Several AWS competitors offer similar flexibility to provision IOPS independently from capacity. These include:
- Azure Ultra disks, which come in several fixed sizes from 4 gibibytes (GiB) to 64 tebibytes. Users can set limits up to 300 IOPS per GiB, with a maximum of 160,000 IOPS per disk. Thus, a 32 GiB volume can be configured with 100 to 9,600 IOPS.
- IBM Cloud adjustable IOPS, which supports nondisruptive, dynamic adjustment of IOPS capacity within the limits of its two service tiers. Endurance volumes support IOPS settings greater than 0.25 IOPS per GB, while Performance -- or allocated IOPS -- volumes support anything between 100 and 48,000 IOPS.

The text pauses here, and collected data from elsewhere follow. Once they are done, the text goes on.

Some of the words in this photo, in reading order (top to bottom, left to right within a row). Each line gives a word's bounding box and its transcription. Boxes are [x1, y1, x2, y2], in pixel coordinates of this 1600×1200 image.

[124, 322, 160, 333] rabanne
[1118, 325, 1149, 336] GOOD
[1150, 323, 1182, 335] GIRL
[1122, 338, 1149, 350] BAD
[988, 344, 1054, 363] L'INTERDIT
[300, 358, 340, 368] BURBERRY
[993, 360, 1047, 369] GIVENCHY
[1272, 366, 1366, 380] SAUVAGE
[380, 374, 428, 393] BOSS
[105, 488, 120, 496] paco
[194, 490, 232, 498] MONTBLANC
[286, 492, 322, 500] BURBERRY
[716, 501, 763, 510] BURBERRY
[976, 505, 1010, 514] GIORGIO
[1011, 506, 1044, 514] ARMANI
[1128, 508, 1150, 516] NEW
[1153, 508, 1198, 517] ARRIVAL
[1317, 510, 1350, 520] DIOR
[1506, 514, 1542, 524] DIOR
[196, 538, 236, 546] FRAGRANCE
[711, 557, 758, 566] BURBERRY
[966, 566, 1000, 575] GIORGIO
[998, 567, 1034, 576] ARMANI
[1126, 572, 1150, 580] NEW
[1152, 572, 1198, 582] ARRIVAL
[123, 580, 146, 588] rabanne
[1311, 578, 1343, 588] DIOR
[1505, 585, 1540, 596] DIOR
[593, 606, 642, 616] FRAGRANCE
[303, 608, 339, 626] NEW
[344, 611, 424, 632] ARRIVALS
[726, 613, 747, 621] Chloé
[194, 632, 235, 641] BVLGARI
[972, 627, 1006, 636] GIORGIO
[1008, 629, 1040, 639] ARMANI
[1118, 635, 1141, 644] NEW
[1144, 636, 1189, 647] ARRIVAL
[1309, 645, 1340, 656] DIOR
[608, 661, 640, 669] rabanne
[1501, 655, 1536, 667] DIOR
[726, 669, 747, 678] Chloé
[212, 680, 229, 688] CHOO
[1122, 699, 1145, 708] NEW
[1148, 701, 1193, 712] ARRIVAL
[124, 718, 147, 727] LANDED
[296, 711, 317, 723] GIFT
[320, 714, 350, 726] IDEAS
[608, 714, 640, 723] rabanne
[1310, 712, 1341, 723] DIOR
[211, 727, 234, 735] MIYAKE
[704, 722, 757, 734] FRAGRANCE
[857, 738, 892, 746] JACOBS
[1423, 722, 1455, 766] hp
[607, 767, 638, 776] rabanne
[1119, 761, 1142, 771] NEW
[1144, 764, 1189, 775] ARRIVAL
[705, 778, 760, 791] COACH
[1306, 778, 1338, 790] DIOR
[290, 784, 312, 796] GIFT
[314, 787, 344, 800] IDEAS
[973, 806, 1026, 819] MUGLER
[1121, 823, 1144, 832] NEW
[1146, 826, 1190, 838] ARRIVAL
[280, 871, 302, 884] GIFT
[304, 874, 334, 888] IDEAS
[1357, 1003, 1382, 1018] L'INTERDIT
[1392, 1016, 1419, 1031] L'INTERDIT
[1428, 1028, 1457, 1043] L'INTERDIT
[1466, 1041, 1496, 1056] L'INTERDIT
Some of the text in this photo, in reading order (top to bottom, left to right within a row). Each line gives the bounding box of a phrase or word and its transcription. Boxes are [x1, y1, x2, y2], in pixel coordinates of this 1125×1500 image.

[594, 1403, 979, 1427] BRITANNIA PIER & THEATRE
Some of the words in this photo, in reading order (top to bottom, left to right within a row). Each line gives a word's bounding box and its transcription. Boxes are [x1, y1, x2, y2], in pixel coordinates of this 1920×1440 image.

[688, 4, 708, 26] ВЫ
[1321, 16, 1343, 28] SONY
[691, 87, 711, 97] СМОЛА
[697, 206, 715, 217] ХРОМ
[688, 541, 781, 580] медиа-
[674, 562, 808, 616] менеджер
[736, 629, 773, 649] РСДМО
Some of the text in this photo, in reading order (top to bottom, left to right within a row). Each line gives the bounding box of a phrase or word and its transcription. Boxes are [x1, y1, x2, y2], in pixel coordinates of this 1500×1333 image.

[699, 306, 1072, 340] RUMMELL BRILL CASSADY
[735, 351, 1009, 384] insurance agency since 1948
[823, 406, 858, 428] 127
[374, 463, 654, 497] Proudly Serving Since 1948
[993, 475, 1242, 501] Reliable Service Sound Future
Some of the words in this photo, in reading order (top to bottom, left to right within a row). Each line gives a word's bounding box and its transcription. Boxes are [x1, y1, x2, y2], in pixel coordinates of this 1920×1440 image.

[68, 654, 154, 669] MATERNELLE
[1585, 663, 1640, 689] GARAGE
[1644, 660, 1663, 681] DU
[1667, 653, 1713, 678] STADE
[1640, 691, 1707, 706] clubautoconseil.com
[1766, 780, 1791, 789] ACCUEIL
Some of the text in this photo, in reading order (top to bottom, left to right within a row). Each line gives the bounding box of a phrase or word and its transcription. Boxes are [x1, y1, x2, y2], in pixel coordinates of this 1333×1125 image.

In contrast, most cloud services linearly scale IOPS performance with volume size. For example, Google Cloud Platform (GCP) SSD Persistent Disks provide 30 read and write IOPS per gigabyte to a maximum of 60,000 read IOPS, depending on the number of attached vCPUs, block size and other parameters. Similarly, Oracle Cloud Infrastructure (OCI) Block Higher Performance Volumes provide 75 IOPS per gigabyte (4,000 blocks) up to 35,000 IOPS per volume. Thus, if an application only requires a 128 GB volume, GCP SSDs can provide 3,840 IOPS, OCI Higher Performance can deliver 9,600 IOPS, while Amazon EBS io2 can be configured as high as 64,000 IOPS.
Choosing a service
Most cloud storage services and array vendors scale IOPS with capacity because the technical limitations of drive and controller technology require scaling out devices to deliver more throughput and IOPS capacity. However, for some applications, the working set and I/O throughput requirements don't linearly scale.
For example, as AWS points out in its blog about EBS gp3 volumes, some apps, such as MySQL and Hadoop, require high performance but not high storage capacity. Similarly, microservices-based applications that might have small working sets with many transactions to a shared storage pool can be accelerated by reducing storage latency and increasing IOPS. In these cases, a cloud service like EBS io2 or gp3 or a storage product like NetApp SolidFire, which doesn't couple faster IOPS to larger volume sizes, will deliver better performance for the money.